Data to use Start Marker

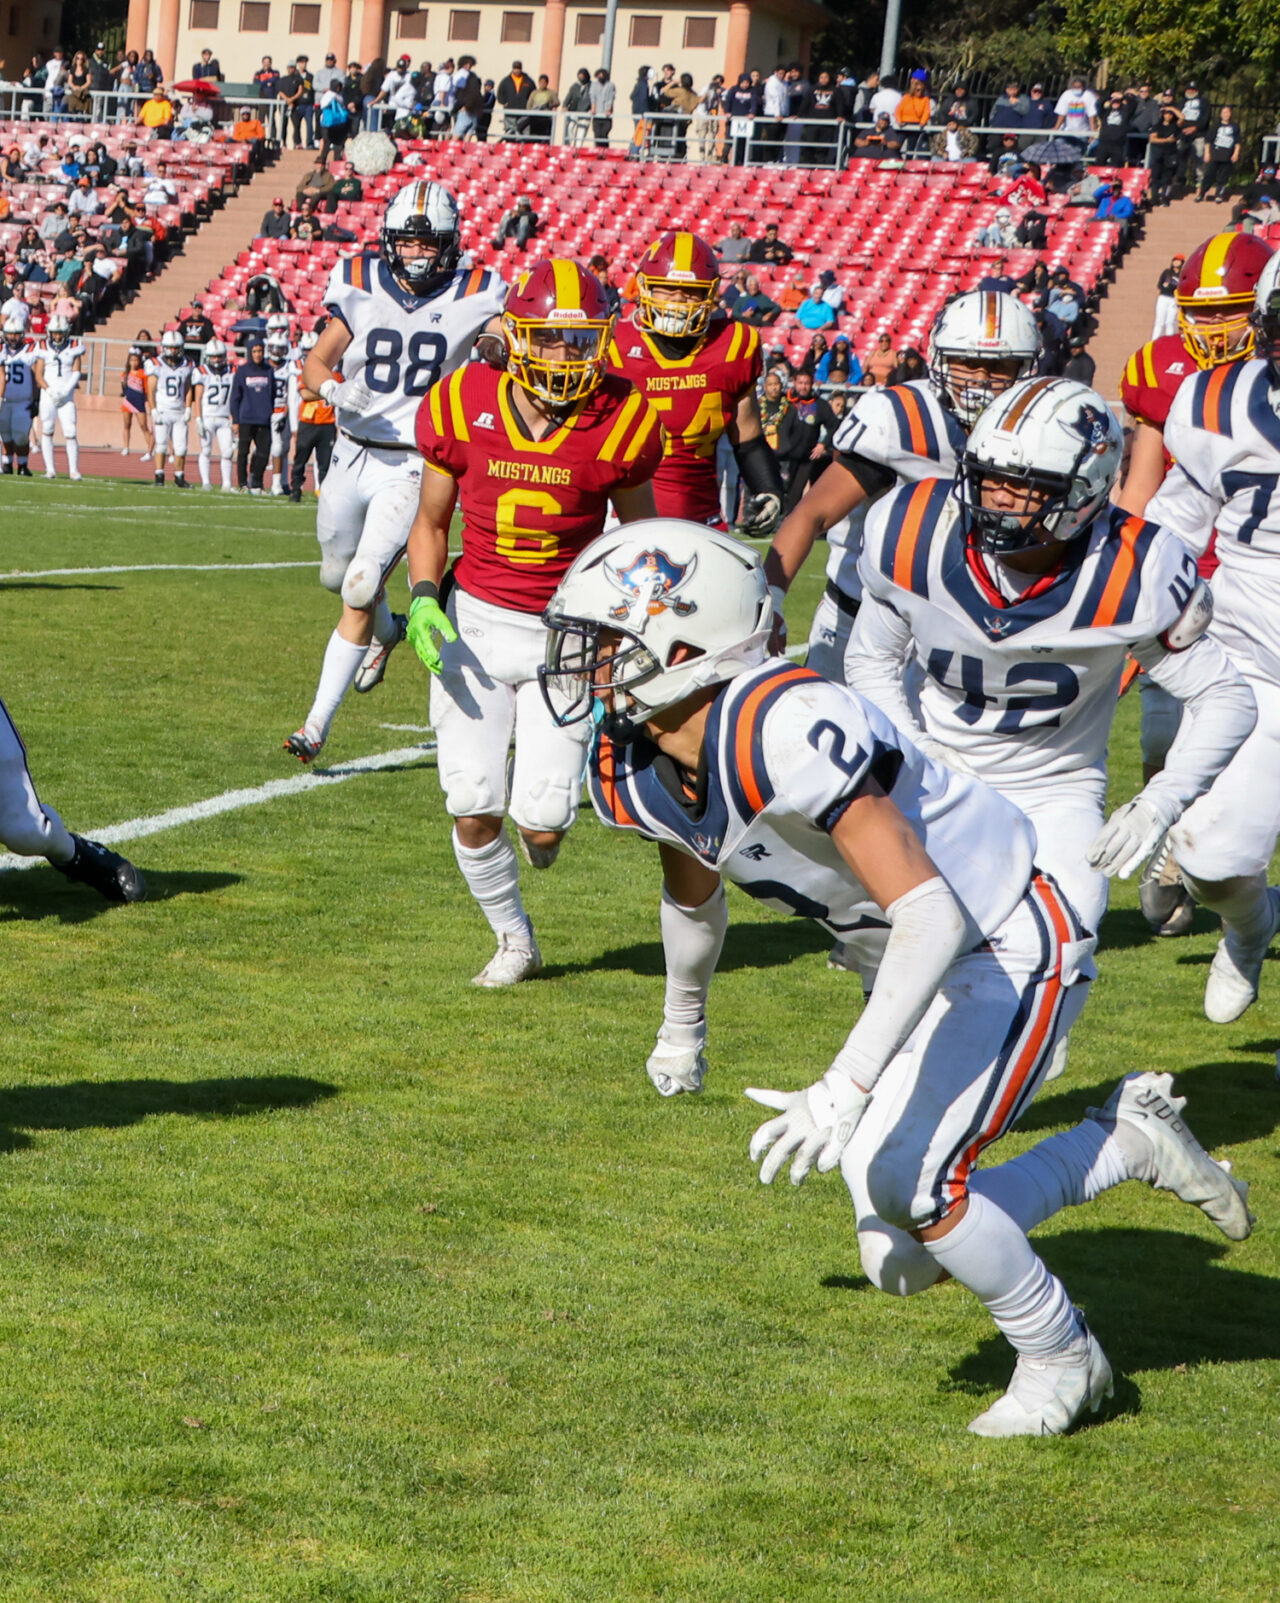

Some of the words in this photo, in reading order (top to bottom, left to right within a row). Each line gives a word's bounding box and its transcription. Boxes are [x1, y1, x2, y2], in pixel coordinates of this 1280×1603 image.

[737, 122, 748, 133] M
[553, 311, 583, 319] Riddell
[365, 327, 448, 397] 88
[207, 383, 231, 405] 27
[646, 373, 707, 392] MUSTANGS
[836, 413, 868, 451] 71
[487, 459, 572, 486] MUSTANGS
[495, 488, 562, 565] 6
[926, 647, 1080, 735] 42
[807, 718, 869, 779] 2
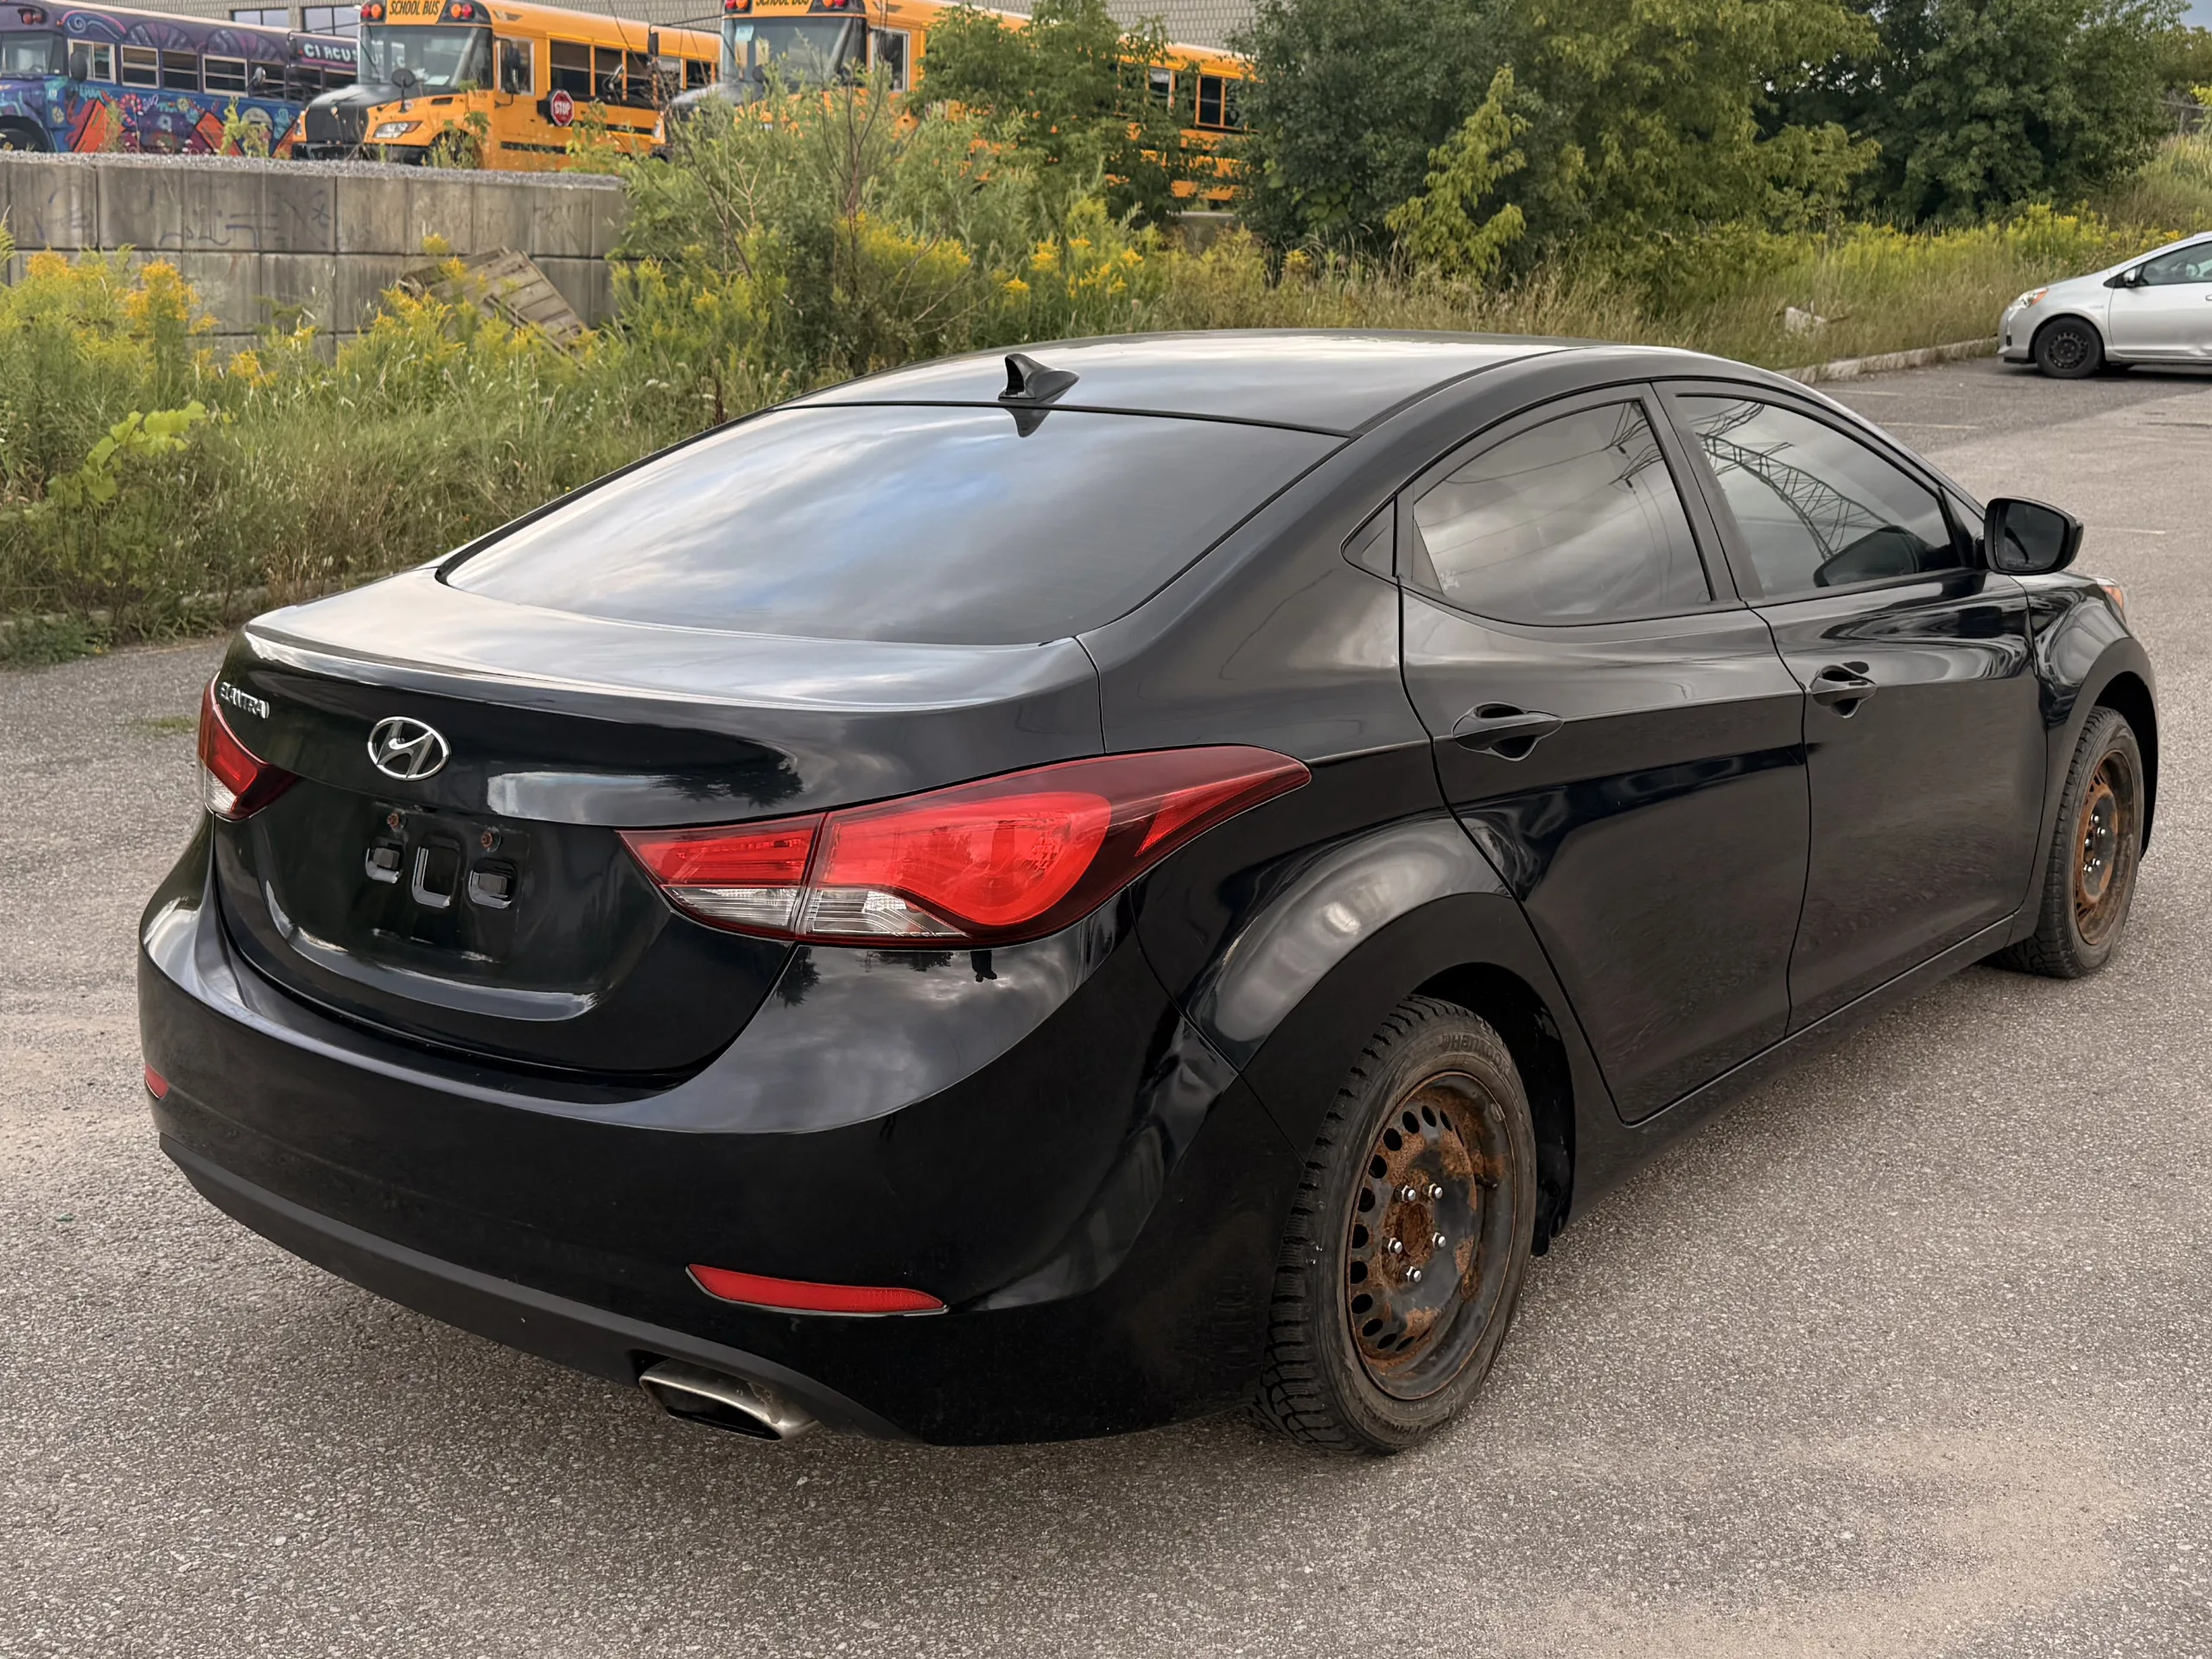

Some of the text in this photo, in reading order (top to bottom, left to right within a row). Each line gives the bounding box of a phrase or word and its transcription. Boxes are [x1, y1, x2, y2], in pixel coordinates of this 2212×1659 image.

[389, 0, 441, 16] SCHOOL BUS
[554, 100, 571, 116] STOP
[220, 681, 270, 719] ELANTRA

Data to use End Marker

When you reach the line containing "Some of the text" in the listing, transcribe it and every line after it exactly, through the last line, and add nothing.

Some of the text in this photo, in reading order (top to bottom, left to right within a row). Each line gives the bounding box of a phrase or word and its transcription. Boxes are [x1, y1, x2, y2], in pixel coordinates of this 2212×1659 image.

[389, 0, 441, 16] SCHOOL BUS
[554, 100, 571, 116] STOP
[220, 681, 270, 719] ELANTRA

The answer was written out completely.